TSX:MEG - Post by User

Post by newcoinon May 04, 2022 1:18am
389 Views
Post# 34653757

Stockwatch Today

Stockwatch Today

Oil sands producer MEG Energy Corp. (MEG) added 96 cents to $20.42 on 9.95 million shares, as it cheered "record" first quarter financials and trumpeted a net profit of $362-million. Production of 101,100 barrels a day was in line with analysts' predictions, while cash flow of $1.87 a share was ahead of analysts' predictions of $1.81 a share. "The first quarter was a record quarter for MEG from both an operational and financial perspective," cheered president and chief executive officer Derek Evans. He added that MEG is just about ready to "initiate share buybacks ... in the second quarter."

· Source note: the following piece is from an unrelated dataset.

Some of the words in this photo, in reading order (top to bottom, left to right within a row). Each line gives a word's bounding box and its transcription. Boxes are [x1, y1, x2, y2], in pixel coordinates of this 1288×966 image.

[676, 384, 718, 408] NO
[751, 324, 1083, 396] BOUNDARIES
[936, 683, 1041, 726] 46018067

Investors were pleased. Although the buyback is no surprise -- MEG received TSX approval to launch one in March -- the company has been waiting to get started until its net debt reaches $1.7-billion (U.S.). As of March 31, net debt was $1.72-billion (U.S.), hence Mr. Evans's enthusiasm. He added that MEG's next target is $1.2-billion (U.S.), which he is aiming to reach next quarter, at which point he will "increase the percentage of free cash flow allocated to share buybacks." Next year, he hopes to hit $600-million (U.S.) in net debt and then ensure that "100 per cent of free cash flow will be returned to shareholders." Optimists took this as a clue that MEG might eventually add a dividend on top of the buybacks.